SpaceX prepares to unveil the crewed version of Dragon

Dragon model on display in Pasadena

A mockup of the crewed version of the Dragon spacecraft on display in August 2012 outside the Pasadena Convention Center. SpaceX will unveil the actual crewed version of Dragon, called Draon V2, Thursday night. (credit: J. Foust)

SpaceX is holding a media event tonight at 7 pm PDT (0200 GMT Friday) to unveil its Dragon “V2″ (version 2) spacecraft, one that will be capable of flying people. Elon Musk will formally unveil the spacecraft in an event at the company’s Hawthorne, California, headquarters; the event will also be webcast by SpaceX.

SpaceX hasn’t disclosed many details about how the Dragon V2 will differ from the current version of Dragon that transports cargo to and from the station, beyond obvious changes like the inclusion of seats and controls for the crew. The Dragon will feature new “SuperDraco” engines that will power its launch escape system and also be used for propulsive landings on land (versus the splashdowns in the ocean that the current Dragon performs). SpaceX announced earlier this week that it completed qualification testing of the SuperDraco thruster at its McGregor, Texas, test site. That clears the way for a pad abort test later this year, one of the last remaining milestones in SpaceX’s Commercial Crew Integrated Capability (CCiCap) award from NASA’s Commercial Crew Program.

While that pad abort test, and a later in-flight abort test, will demonstrate the SuperDraco’s ability to get the Dragon away from a malfunctioning rocket, SpaceX is also planning tests of the thruster’s ability to allowed powered landings of Dragon. Earlier this month, the FAA’s Office of Commercial Space Transportation released a draft environmental assessment report of tests of the “DragonFly” system at McGregor. The report is part of a SpaceX application for an experimental permit to cover powered test flights by the Dragon capsule: “SpaceX’s need for the experimental permit is to conduct tests to further develop the capability for the Dragon capsule to land, so that it can be reused.”
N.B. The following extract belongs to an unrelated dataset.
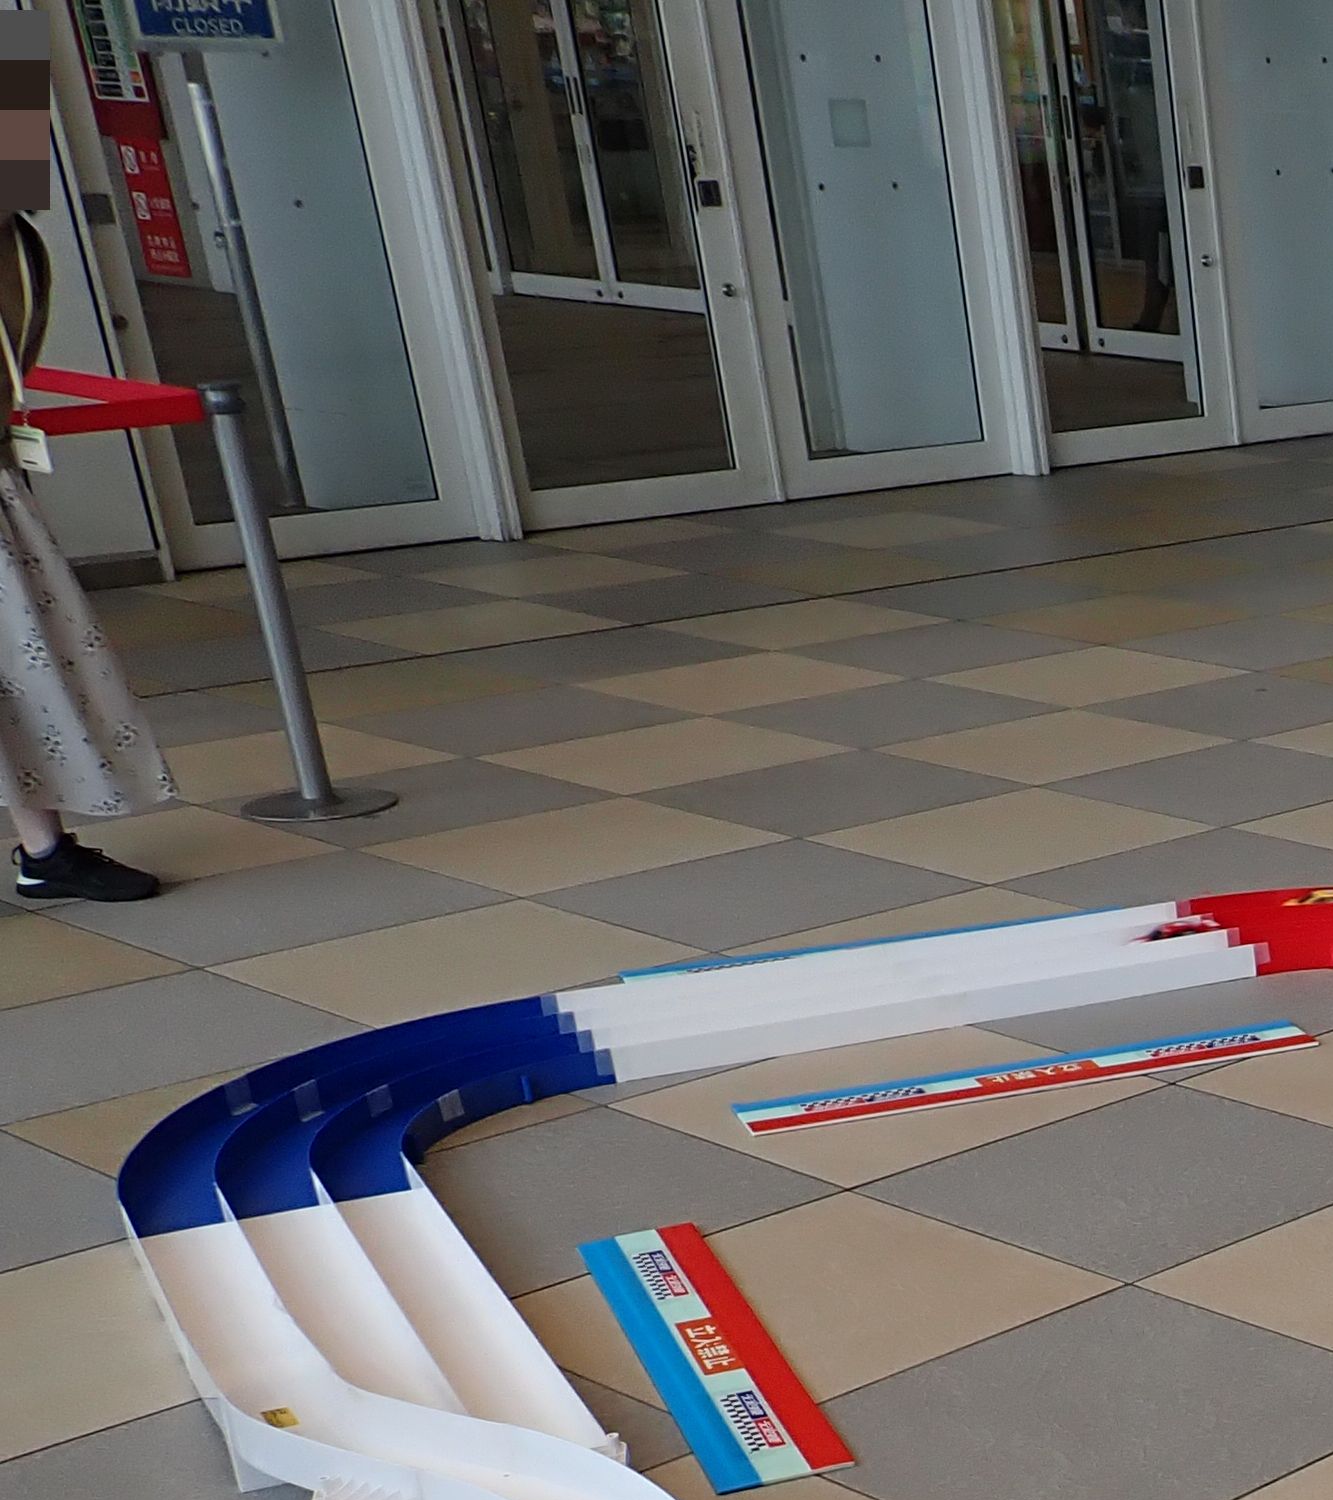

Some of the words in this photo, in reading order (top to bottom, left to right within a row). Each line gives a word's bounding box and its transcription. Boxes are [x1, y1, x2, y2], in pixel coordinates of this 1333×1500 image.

According to the test program in the report, SpaceX plans to do a pair of “propulsive assist” landing tests, where Dragon is dropped from a helicopter form an altitude of about 3,000 meters to land using a combination of parachutes and SuperDraco thrusters. That would be followed by a pair of drop tests where the dragon will use its SuperDraco thrusters alone. That will be followed by as many as 26 “hopping” tests where the capsule takes off from a pad under thrusters and land back on that pad after flying to altitudes of a little more than 2,000 meters; those landings would initial be with parachutes and later with SuperDraco thrusters. Those tests would, under the permit, be performed in one year, although SpaceX notes in the report that it expects the DragonFly program to span two years, 2014 and 2015.